Domus: North & South:
A Retrospective View

The flyer for this show describes it as a nomadic feminist art space and asks, Can you live with it? The curators want art exhibiting to leave the gallery and enter the domestic sphere. The staging of this event in both York and London is useful to the necessary process of de-centralising the art world. It also sets up the notion of dichotomy inherent in this particular curating experience, namely male/female art, public/private exhibiting space and creation/production. The questions raised here are the old ones; Is it art? and How much is it worth? The fact that these exhibits are all for sale is crucial; Domus is challenging the viewer to embrace these works and to do so in their own home. The question Can you live with it? is direct and its relevance is simple; the artists concerned are attempting to make a living out of their work.

The traditional domestic setting for privately owned art is the robber-baron mansion, complete with Italian Renaissance easel paintings of saints and white marble effigies of Cupid with the odd Picasso thrown in to remind us of modernity. The visitor circuits this carefully orchestrated, usually male-inspired (trophied) space aimed at celebrating the banditry of centuries of exploitation based on class, race and gender (I'm thinking here of a recent visit to Harewood House). Domus, both North and South, is set in a small domestic environment that aims to celebrate art by women in a female-inspired space. The difficulty here is to gain recognition for this as art and not its diminished sister, decoration. One of the artists, Marianne Springham, whose installation is entitled Lorenas Catering Service: Bobbitt Biscuits refers to the process that goes into the making of art. Undefined processes of making art are still not taken seriously, she states. This understanding of process is the crux of the problem when it comes to this so-called distinction between art and decoration.

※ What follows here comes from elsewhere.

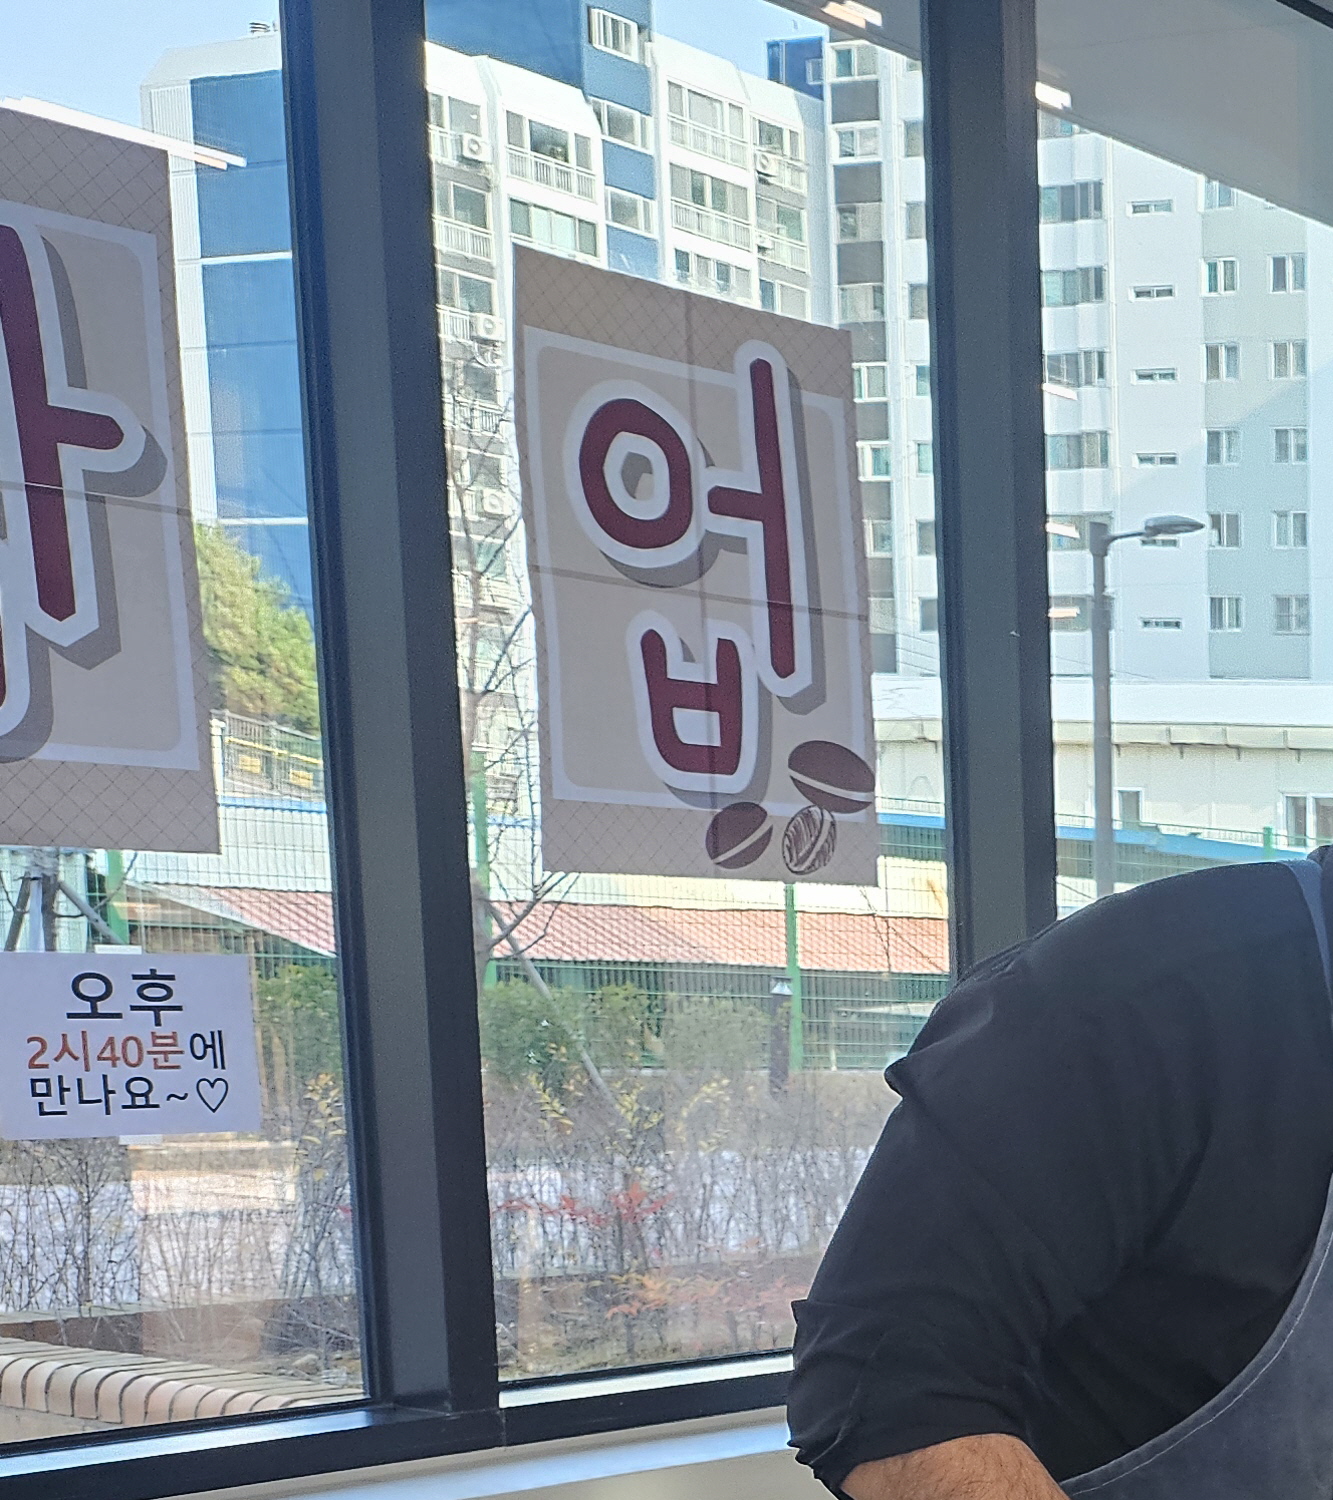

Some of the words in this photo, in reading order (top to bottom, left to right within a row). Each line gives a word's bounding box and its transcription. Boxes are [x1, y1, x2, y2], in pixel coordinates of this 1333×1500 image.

[576, 354, 800, 777] 업
[66, 968, 183, 1027] 오후
[26, 1029, 227, 1073] 2시40분에
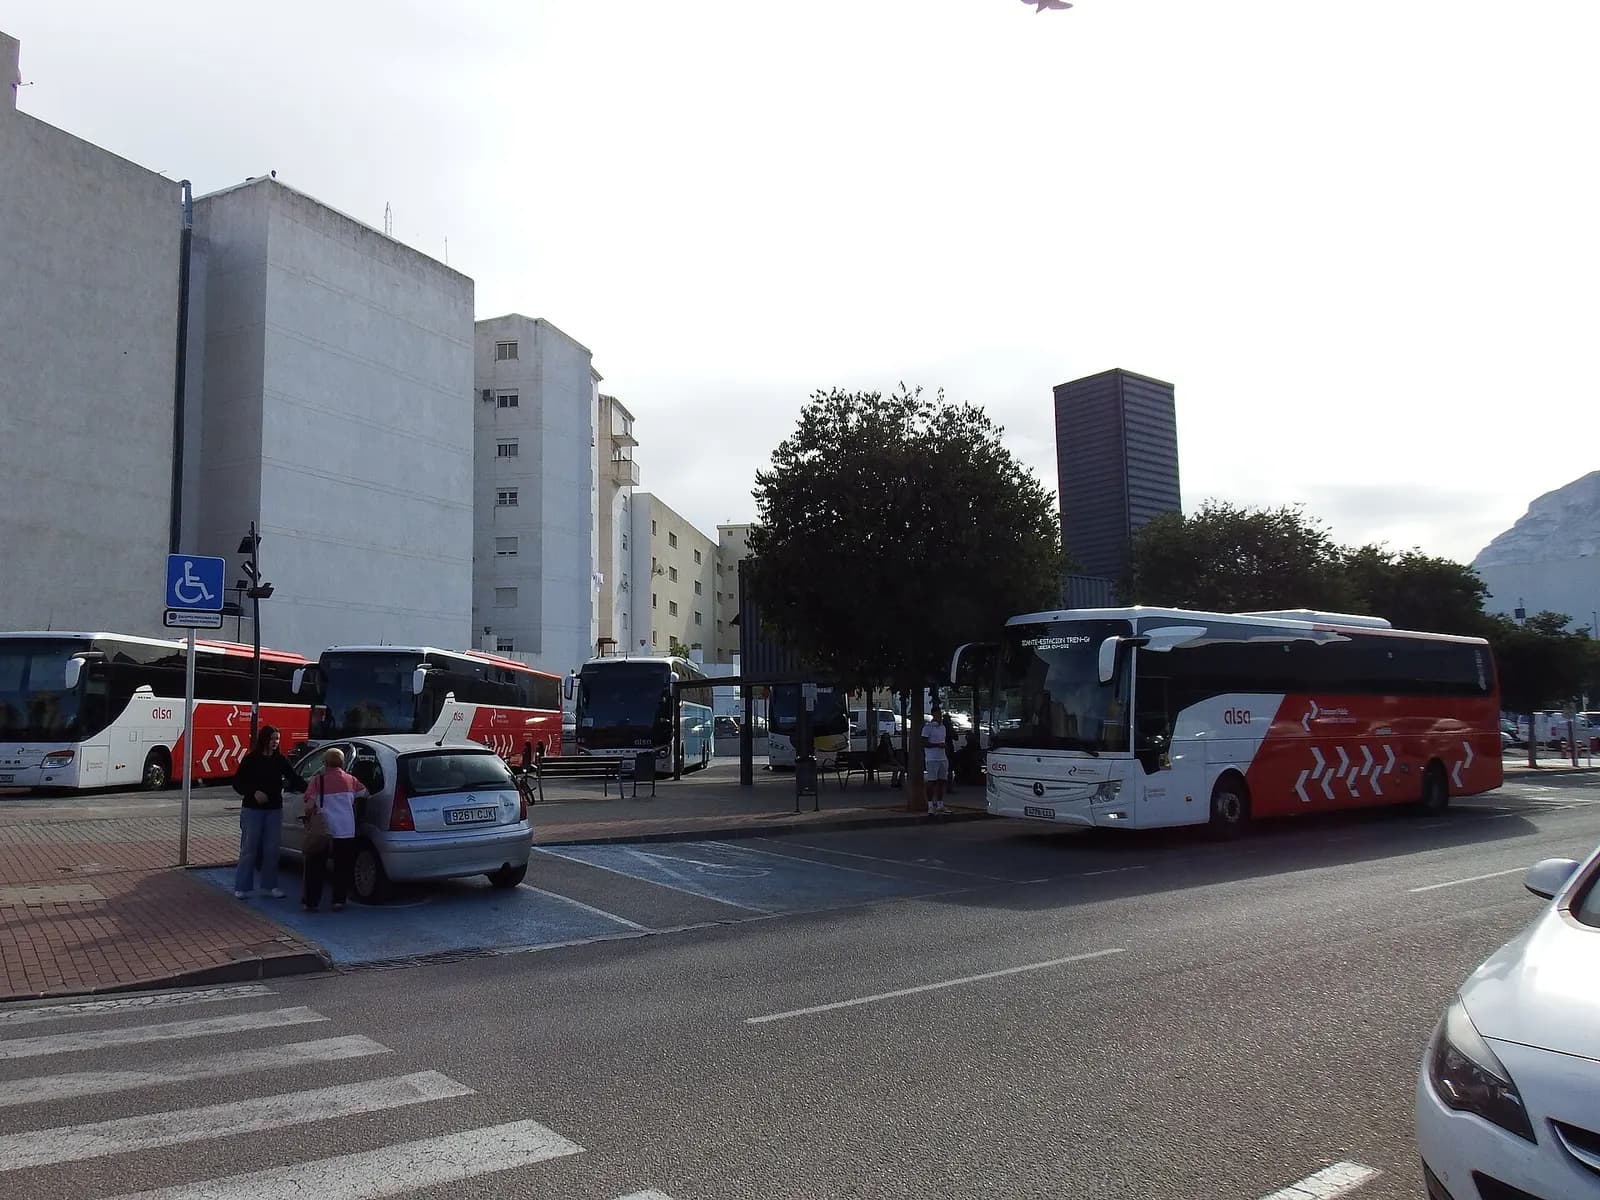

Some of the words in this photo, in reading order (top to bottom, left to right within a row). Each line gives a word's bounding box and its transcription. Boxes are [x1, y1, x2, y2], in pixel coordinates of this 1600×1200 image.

The role that Domus plays in this defining game is to use everyday and particularly feminised media to express the dilemma. Of these works most involve using domestic, feminine objects. Springham's Biscuits have been baked and are served with tea by the artist herself dressed as a bonnet-wearing maid. The fact that the biscuits come complete with gingerbread penis which the artist recommends biting off first, provides a welcome treatment of the current obsession with costume displays we are subjected to in heritage venues, dramas etc. Three of Laura Malacart's pieces involve flower arranging of some sort. Bunch, displayed in York on the bedroom dressing table, is a vase of lilies whose blooms are sewn up. In Calendar, every month is May and features a different flower, which, as with Bunch, on close inspection reveals a modification; slivers of meat are entwined with the petals. Natura Morta is a photographic image of a flower as a dead object, one step beyond still life. Interestingly, Bunch had died by the time it reached London Domus, and was suitably arrayed in its process of decay. The work seems to be questioning appearance, and as with Springham, investigates the processes of making not just art, but any production which turns out to be creative.

Ann Coxon's series of suspended works Hooked, Hitched and Silver Spoon again use feminine objects. They consist of various amounts of white sugar poured into stockings or tights and suspended on the walls allowing gravity to assist in a gradual change of form. The artist de-mystifies by providing a Recipe for a Bedroom Installation.

Chintz makes an appearance in Inés Rae's video installation Ideal Home which features a series of shots of sofas as a backdrop to the theme tune to Neighbours battling with the arguments of a heterosexual couple. This installation featured both in the York and the London show and was focal to the living room in both cases. Hidden away in the spare room was Before/After by Nicky Bird, consisting of two framed photographs of two sisters. In one they are smiling, their bodies overlap in a happy pose. In the other, they look disconcerted and emotionally disparate. From somewhere in the room comes a taped man's voice asking unanswered questions, at once barely audible and unsourced. The artist explains the photos as being of two (real life) sisters who had murdered their female employer and her daughter and given no explanation. She describes her work as a form of retrieval in a space where no-one lives (the spare room). This work is emblematic of an undertone of the exhibition, that domestic space includes a lack of ease as well as the traditional home comforts; the month never changes, the flowers can't bloom and in order to eat you need to castrate a ginger bread man. This exposes the fragility of the concept of home and especially womens place in it.

The concept of curating a show in a home environment, but which nonetheless moves house (nomadic) seems to question the authority of the static (and therefore to some extent stagnant) gallery exhibition. Domus seems to be trying to assimilate art by domesticising it. On a practical level this encourages two things; firstly the acceptance of a mixture of forms by women as art, and secondly a change in the viewing process where art takes on more of the everydayness we associate with say, architecture. Finally there is a humorous (and at times dark) side to this almost thematised show which helps the form to break out of the traditional role of its own media.